Maruyama-Nakashita Akiko, Nakamura Yumiko, Watanabe-Takahashi Akiko, Yamaya Tomoyuki, Takahashi Hideki
RIKEN Plant Science Center, 1-7-22 Suehiro-cho, Tsurumi-ku, Yokohama, 230-0045 Japan.
Plant Cell Physiol. 2004 Mar;45(3):340-5. doi: 10.1093/pcp/pch029.
SULTR1;1 high-affinity sulfate transporter is highly regulated by sulfur deficiency (-S) in the epidermis and cortex of Arabidopsis roots. The regulatory mechanism of SULTR1;1 expression was studied using inhibitors for transcription, translation, protein phosphorylation and dephosphorylation. The induction of SULTR1;1 mRNA during -S was blocked by the addition of actinomycin D in the medium, suggesting that SULTR1;1 is transcriptionally regulated. Cycloheximide repressed the -S induction of SULTR1;1, but enhanced the basal mRNA level of SULTR1;1 under sulfur replete (+S) condition. In addition, the induction of SULTR1;1 by -S was significantly blocked by okadaic acid (OKA) and calyculin A (CalyA).
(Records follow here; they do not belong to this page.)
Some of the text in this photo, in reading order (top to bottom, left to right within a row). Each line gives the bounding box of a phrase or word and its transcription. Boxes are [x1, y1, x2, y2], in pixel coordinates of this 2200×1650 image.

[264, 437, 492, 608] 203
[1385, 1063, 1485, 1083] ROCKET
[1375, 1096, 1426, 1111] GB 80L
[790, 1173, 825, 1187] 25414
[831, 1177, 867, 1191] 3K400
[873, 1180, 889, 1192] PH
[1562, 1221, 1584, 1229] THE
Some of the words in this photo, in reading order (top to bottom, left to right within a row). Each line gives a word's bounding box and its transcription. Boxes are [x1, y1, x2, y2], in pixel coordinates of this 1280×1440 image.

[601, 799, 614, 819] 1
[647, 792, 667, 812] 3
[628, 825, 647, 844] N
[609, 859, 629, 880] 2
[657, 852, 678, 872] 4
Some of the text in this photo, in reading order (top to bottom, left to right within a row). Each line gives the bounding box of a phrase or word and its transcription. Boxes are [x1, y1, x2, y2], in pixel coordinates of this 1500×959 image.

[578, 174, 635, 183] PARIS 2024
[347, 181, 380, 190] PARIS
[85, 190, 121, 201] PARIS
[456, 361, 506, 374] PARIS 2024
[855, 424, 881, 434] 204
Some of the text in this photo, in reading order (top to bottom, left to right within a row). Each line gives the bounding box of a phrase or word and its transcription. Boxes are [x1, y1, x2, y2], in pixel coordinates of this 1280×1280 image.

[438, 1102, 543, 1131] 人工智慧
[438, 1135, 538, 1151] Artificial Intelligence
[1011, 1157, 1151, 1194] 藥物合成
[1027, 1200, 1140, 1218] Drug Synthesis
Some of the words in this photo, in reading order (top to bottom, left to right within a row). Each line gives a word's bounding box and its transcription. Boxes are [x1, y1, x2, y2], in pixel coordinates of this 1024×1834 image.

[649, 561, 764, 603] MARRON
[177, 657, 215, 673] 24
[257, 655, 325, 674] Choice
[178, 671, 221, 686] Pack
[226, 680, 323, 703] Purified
Regulation of SULTR1;1 was further confirmed in transgenic plants expressing green fluorescent protein (GFP) under the control of SULTR1;1 promoter. Accumulation of GFP during -S was dependent to SULTR1;1 promoter, and the effects of OKA and CalyA were reproducible in the SULTR1;1 promoter-GFP plants. These results suggested that the up-regulation of SULTR1;1 by -S requires protein phosphatase as an upstream regulatory factor.
SULTR1;1高亲和力硫酸盐转运蛋白在拟南芥根的表皮和皮层中受硫缺乏(-S)的高度调控。使用转录、翻译、蛋白质磷酸化和去磷酸化的抑制剂研究了SULTR1;1表达的调控机制。在培养基中添加放线菌素D可阻断-S期间SULTR1;1 mRNA的诱导,这表明SULTR1;1受转录调控。环己酰亚胺抑制了-S对SULTR1;1的诱导,但在硫充足(+S)条件下提高了SULTR1;1的基础mRNA水平。此外,冈田酸(OKA)和花萼海绵诱癌素A(CalyA)显著阻断了-S对SULTR1;1的诱导。在SULTR1;1启动子控制下表达绿色荧光蛋白(GFP)的转基因植物中进一步证实了对SULTR1;1的调控。-S期间GFP的积累依赖于SULTR1;1启动子,并且OKA和CalyA的作用在SULTR1;1启动子-GFP植物中是可重复的。这些结果表明,-S对SULTR1;1的上调需要蛋白磷酸酶作为上游调控因子。